To sort (L - a list of things) in/into reverse (ph - phrase thing -> number) order:
	(- LIST_OF_TY_SortBy({-lvalue-by-reference:L}, -1, {ph}); -).

It is important that the kind matches up between the different places in the code specifying the “arguments” for phrases – in the preceding examples they are all the thing kind. (The phrases can be generalized further, if desired, but I’ll leave that aside.)

Of note is the fact that the declarations for the sorting phrases make use of a syntax which causes them to operate “by reference” instead of “by value.” This ensures that the sorting will be done on the list that is supplied as an argument, instead of a sorting a copy of the list that just gets thrown away after the sort has been completed.

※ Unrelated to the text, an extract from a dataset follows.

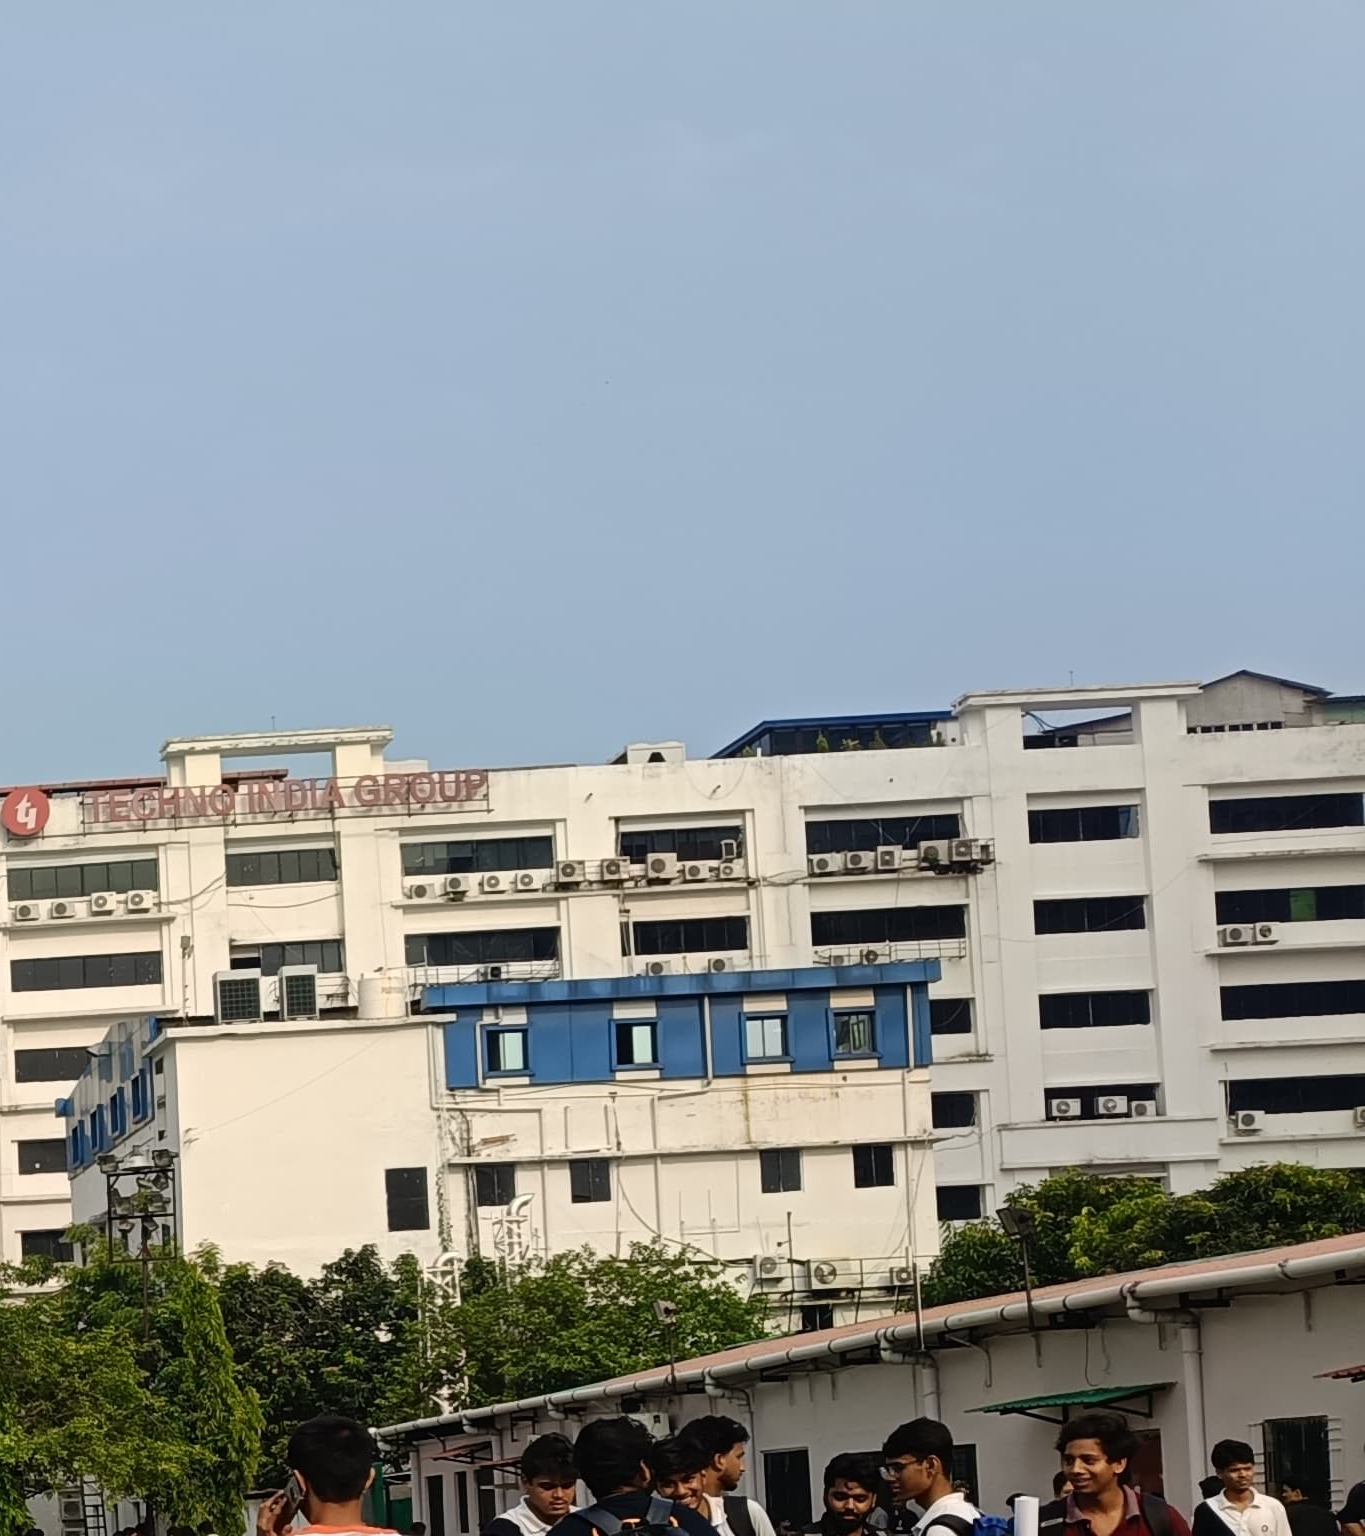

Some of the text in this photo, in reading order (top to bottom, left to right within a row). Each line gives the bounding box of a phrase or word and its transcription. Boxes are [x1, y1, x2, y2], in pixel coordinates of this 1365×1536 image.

EDIT: I would also add that Zed came up with something similar for sorting according to author-defined phrases at Sorting scenes - #6 by Zed.

2 Likes

Thank you, I couldn’t find the time to write.

Another thing of note is the technique for calling an I7 phrase from I6.

The I7 phrase is passed to I6 with the {ph} syntax but ph is not directly a reference to the function. It’s an array: [info about kinds; a reference to the actual function; text containing the name of the I7 phrase]. For instance, the phrase:

To decide which number is attack points of (m - monster) (this is attack points):
    […]

would give:

Array DK5_phrase_monster____number --> [ PHRASE_TY; 2; NUMBER_TY; ];
Array closure_data_U21 --> [ DK5_phrase_monster____number; call_U1966; "attack points"; ];
[ call_U1966 t_0;
    // …
];

ph is closure_data_U21 and ph-->1 is call_U1966, the function we’re interested in.

To call it: (ph-->1)(arg1, arg2, …)

4 Likes

This week’s prize, Bubbling Beaker Award® #3, is presented to @Draconis (Daniel Stelzer). As with last week’s award, the winner is not a mad scientist, though he contributes to mad science discussions with suspicious regularity. His award-winning post creates an alternate list writer routine designed to more flexible than the built-in one. His invention was inspired by a method used by zarf in Hadean Lands but adds innovations of its own.

Draconis, you gave a pretty good overview of your invention already on the original post, but is there anything that you would like to say by way of acceptance speech (or perhaps as opening arguments for the defense)?